Last year, I was given $125 by our department and another $100 from Governor Sonny Perdue. That’s it. And I can’t save my money in a piggy bank, I have to spend it all during a specific time or it is forfeited. In the case of Sonny’s money, I could only spend it during the 3 day tax holiday.
So I can and do appeal to the county office for these big ticket items. Personally, I want a digital camera that won’t be taken away for some other pet project. I can make my own overlays with my own pictures that are actually relevant to what students do everyday. But I’m also going to need the Intellitools to get through the alternate assessment with some degree of sanity.

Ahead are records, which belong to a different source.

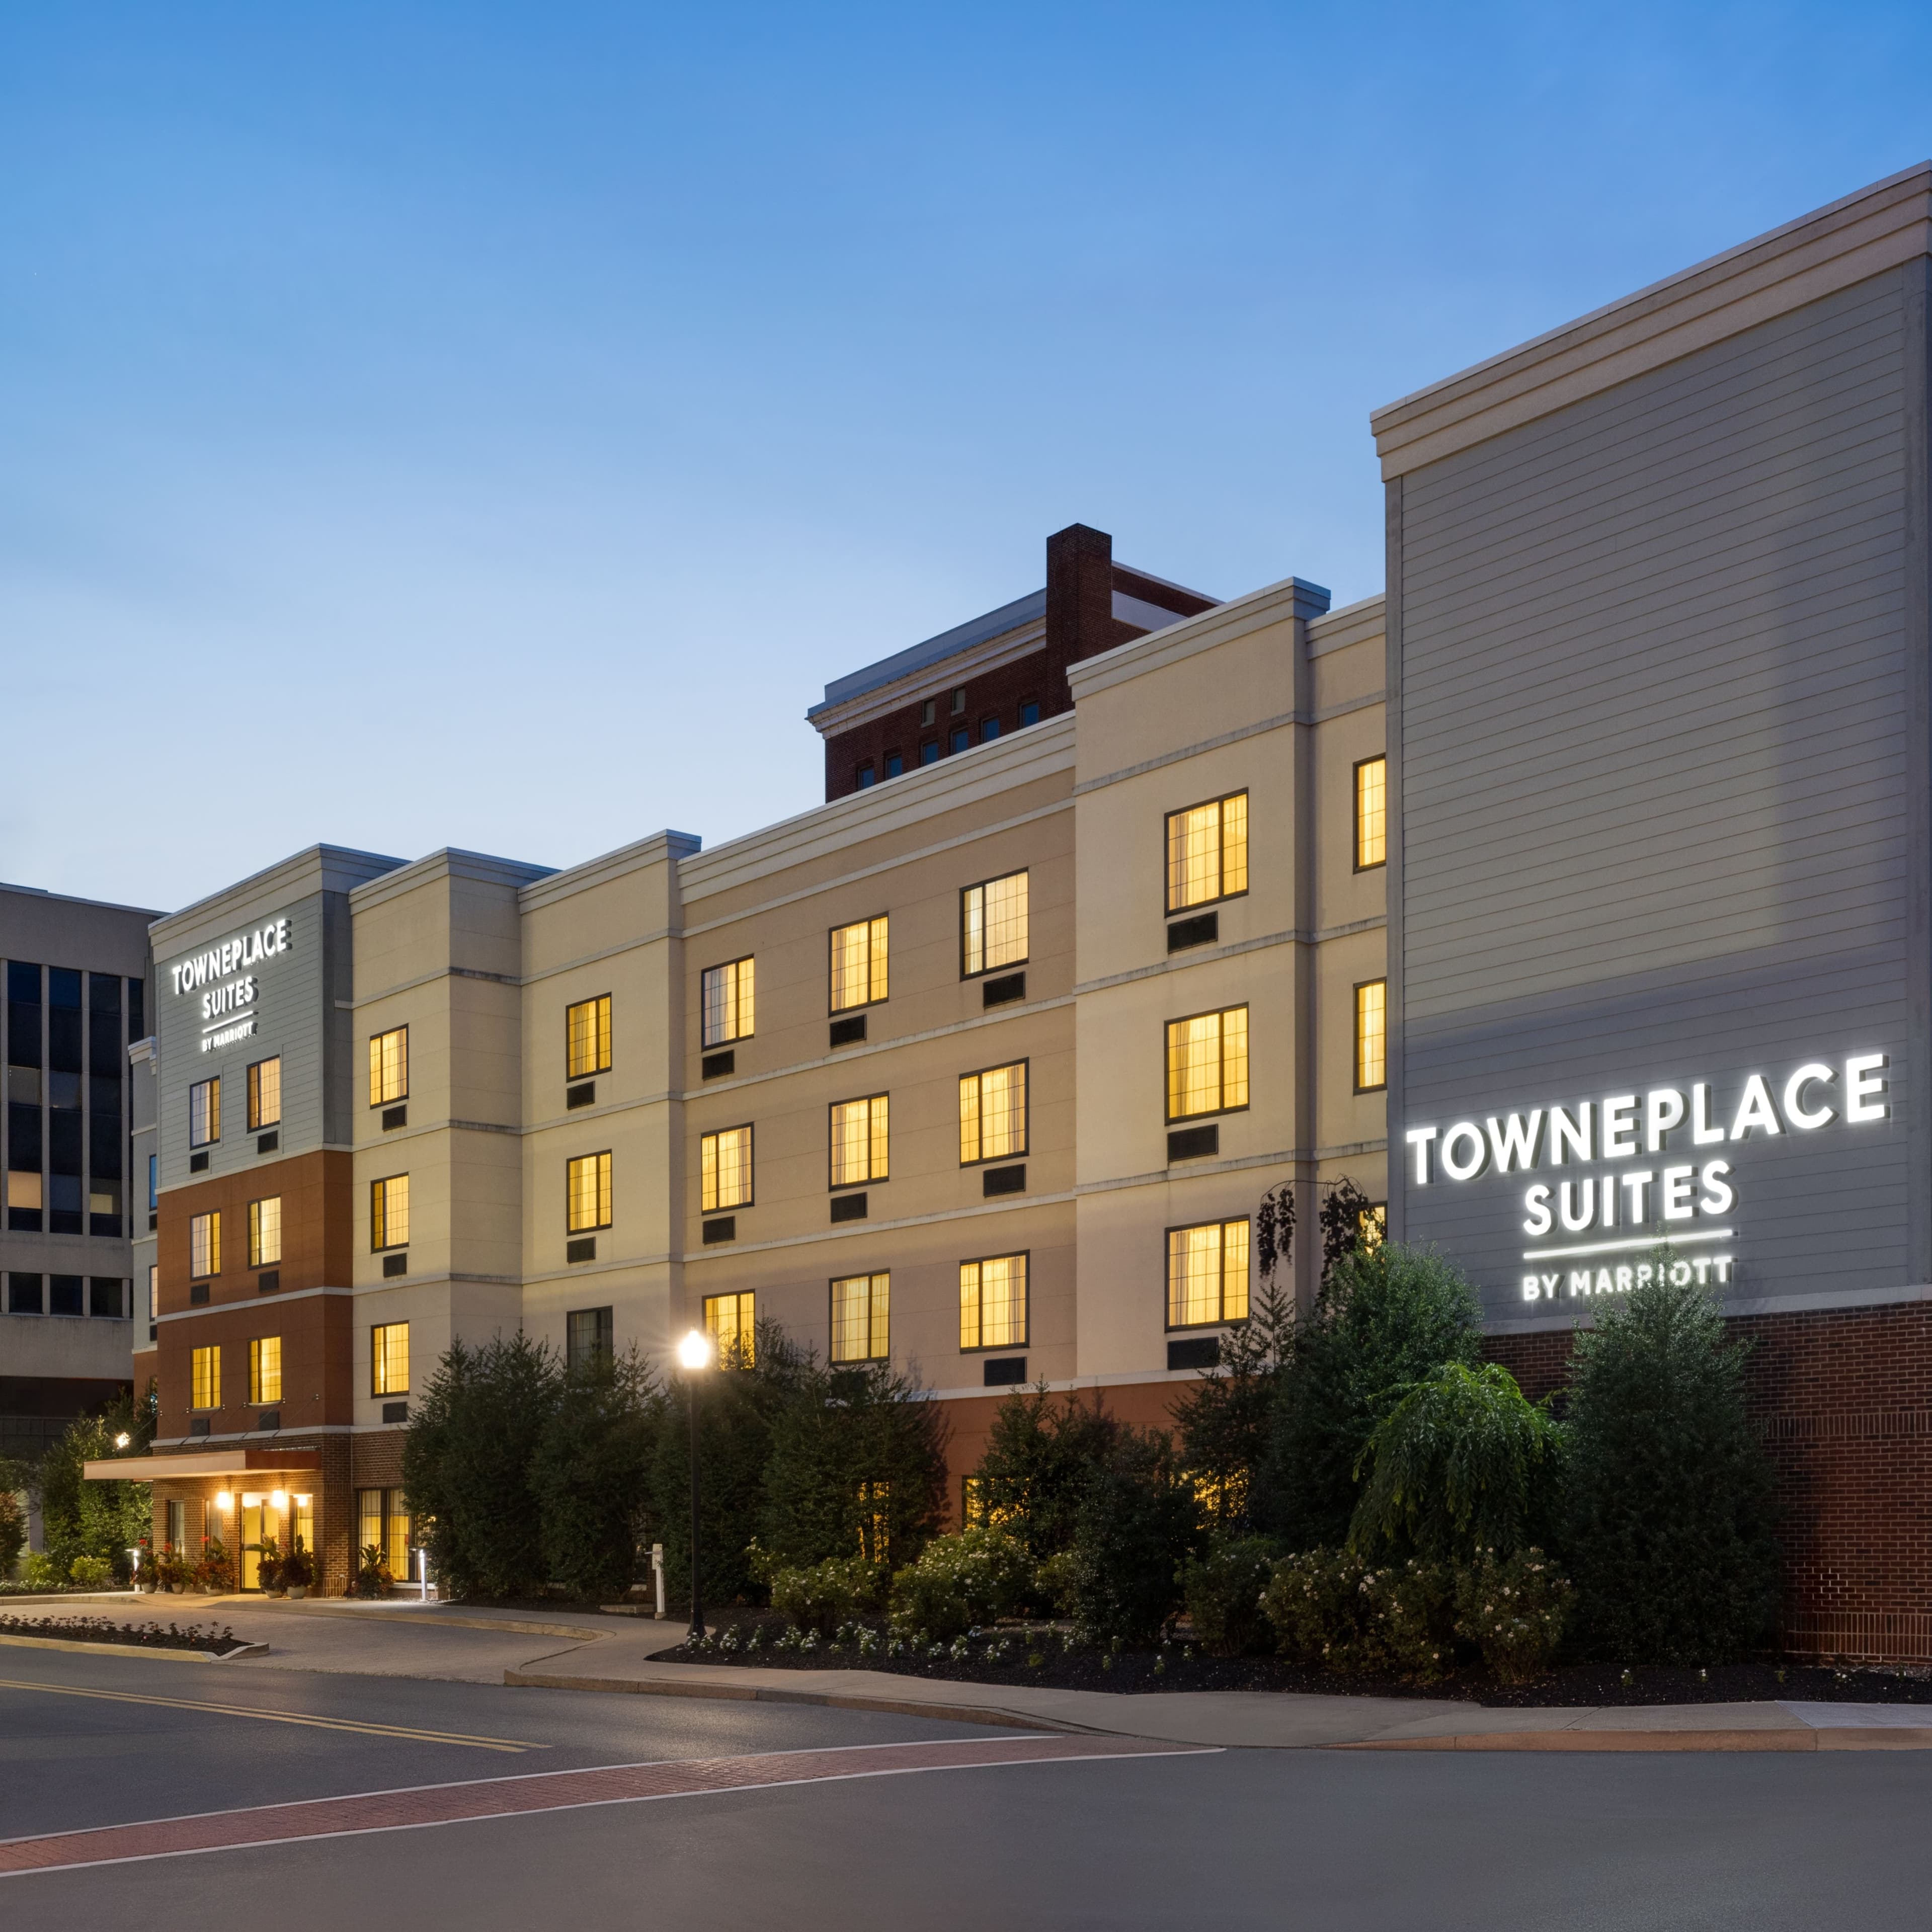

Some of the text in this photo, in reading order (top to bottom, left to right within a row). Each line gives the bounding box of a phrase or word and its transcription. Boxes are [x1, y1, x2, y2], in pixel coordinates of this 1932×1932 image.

[172, 919, 287, 995] TOWNEPLACE
[202, 976, 254, 1019] SUITES
[202, 1021, 254, 1052] BY MARRIOTT
[1406, 1054, 1886, 1184] TOWNEPLACE
[1523, 1160, 1733, 1236] SUITES
[1523, 1274, 1559, 1301] BY

But back to parents for a second; parents of students with disabilities are usually not wealthy. Especially those on the more severe end of the disability spectrum. The parents of my students are lucky if they have a computer at all, let alone DSL or high capacity processors and memory and multimedia add-ons. I know of 2 of them who have computers, while the other 3 do not. There are not going to be able to afford a touch screen much less Intellikeys and all the stuff that goes with it. They have more important needs like housing, clothes, medical bills and food. I don’t send long lists home to parents of my kids of stuff I expect them to provide. At the beginning of every semester, Thomas and Percy both bring home lists of supplies that their teachers want parents to send in. Wipes, napkins, tissues, sanitizer, air fresheners, paper towels and on and on. In addition we get asked to bring in snacks. In addition, we get hit up to buy wrapping paper, candy, magazines, school pictures, annuals, spirit shirts and clothes and participate in every PTA activity. Raising children is a costly venture, but more so those with special needs. I’m not a big fan of the GFCF diet, but I at least admire the resourcefulness and dedication of those who are.

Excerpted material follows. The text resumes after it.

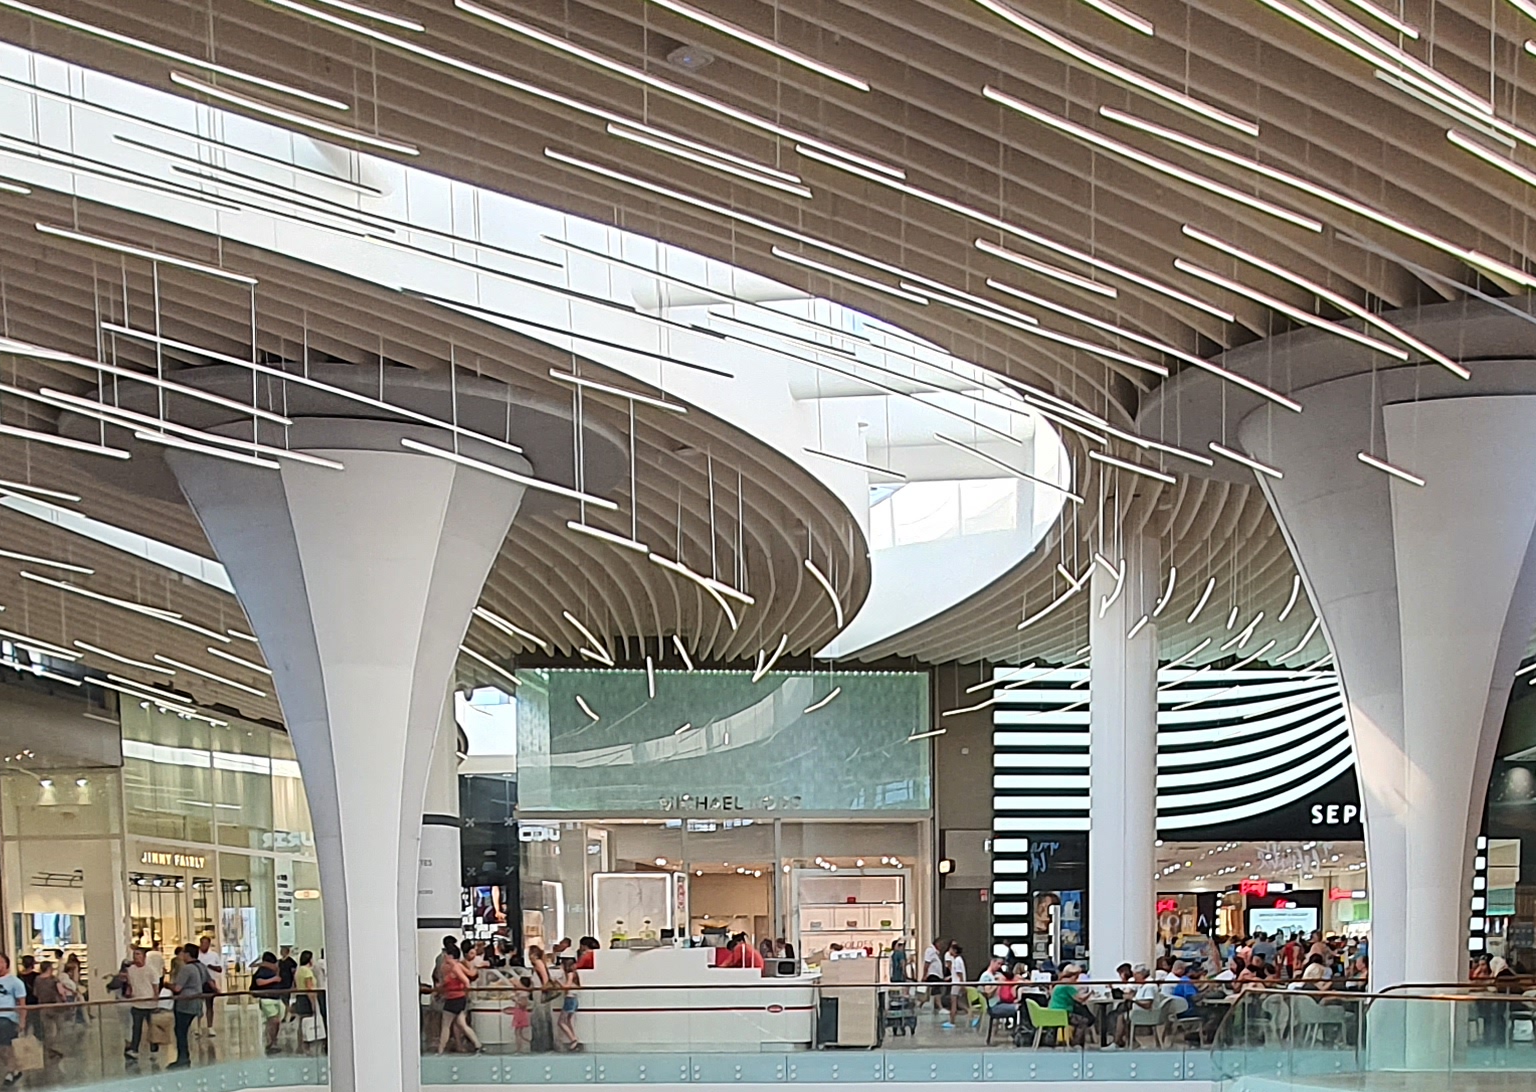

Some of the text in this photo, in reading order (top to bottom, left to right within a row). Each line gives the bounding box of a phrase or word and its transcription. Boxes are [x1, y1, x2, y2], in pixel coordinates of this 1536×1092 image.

All of the above is simply my way of saying that I’m looking for ways to bring technology to those who can’t afford the bleeding edge stuff. If I can find a way to make Power Point (or better, Open Office’s Impress) work, I’m going to do it. If I can find a way to give parents access to the internet on the cheap, I’m going to do it. That is part of the driving force behind my Linux/open source blog. I’ve been able to save a buck or two by having access to eBay and an open market place. I’ve been able to find lots of information and learn from other people by virtue of having such access. You all reading this probably takes this sort of access for granted. But within the realm of students with disabilities it seems that those are the people who could probably most benefit from technology and those are the people least likely to be able to afford it.
OMG – I just realized…I’m coming up on my Blogiversary! I’ll see if I can get in some sort of self-indulgent sentimental post in on the weekend. Thanks to all you who have been reading!